- WORK TO BE COMPLETED:
Ignoring the pictures, repeat every entry below exactly as it appears.

- AVAILABLE RECORDS:
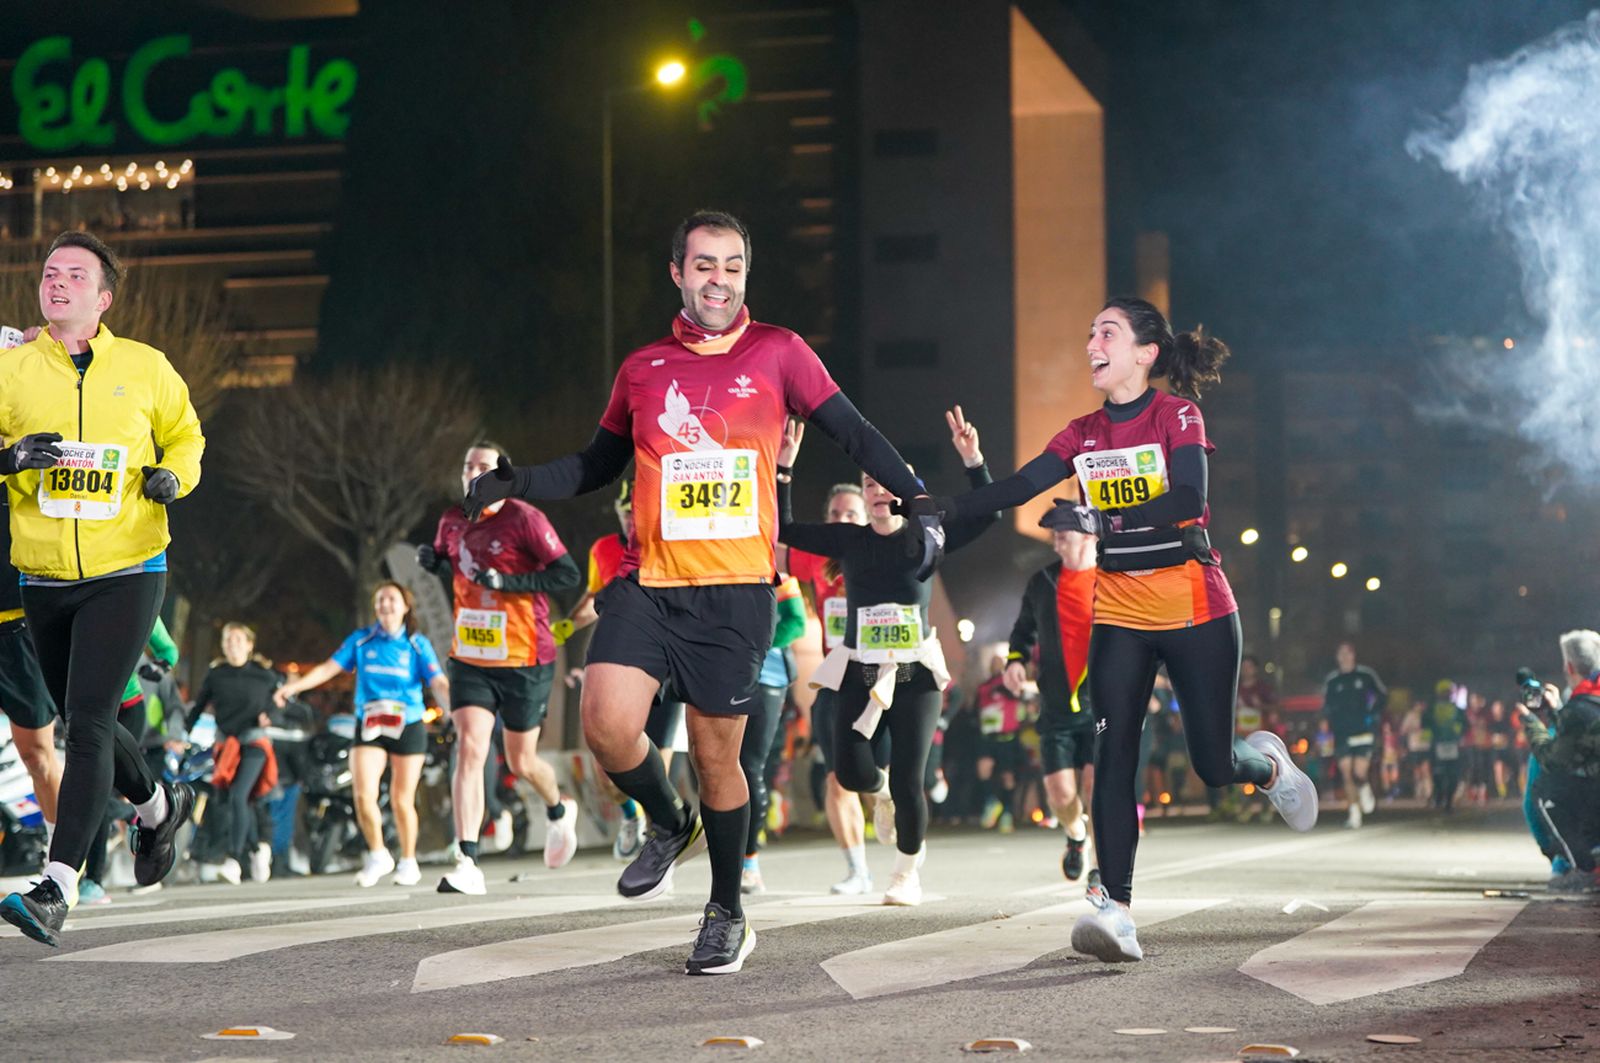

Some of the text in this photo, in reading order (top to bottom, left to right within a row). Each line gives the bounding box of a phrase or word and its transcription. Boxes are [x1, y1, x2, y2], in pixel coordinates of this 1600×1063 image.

[12, 34, 358, 149] El Corte
[677, 422, 701, 445] 43
[85, 450, 96, 460] DE
[1096, 459, 1119, 468] NOCHE
[1119, 458, 1128, 467] DE
[684, 461, 711, 470] NOCHE
[713, 460, 724, 469] DE
[49, 468, 113, 495] 13804
[673, 472, 691, 482] SAN
[1090, 470, 1104, 480] SAN
[680, 482, 742, 509] 3492
[1100, 477, 1151, 505] 4169
[871, 625, 911, 643] 3195

- SOLUTION TO THE PROBLEM:
Some of the text in this photo, in reading order (top to bottom, left to right within a row). Each line gives the bounding box of a phrase or word and its transcription. Boxes are [x1, y1, x2, y2], in pixel coordinates of this 1600×1063 image.

[12, 34, 358, 149] El Corte
[677, 422, 701, 445] 43
[85, 450, 96, 460] DE
[1096, 459, 1119, 468] NOCHE
[1119, 458, 1128, 467] DE
[684, 461, 711, 470] NOCHE
[713, 460, 724, 469] DE
[49, 468, 113, 495] 13804
[673, 472, 691, 482] SAN
[1090, 470, 1104, 480] SAN
[680, 482, 742, 509] 3492
[1100, 477, 1151, 505] 4169
[871, 625, 911, 643] 3195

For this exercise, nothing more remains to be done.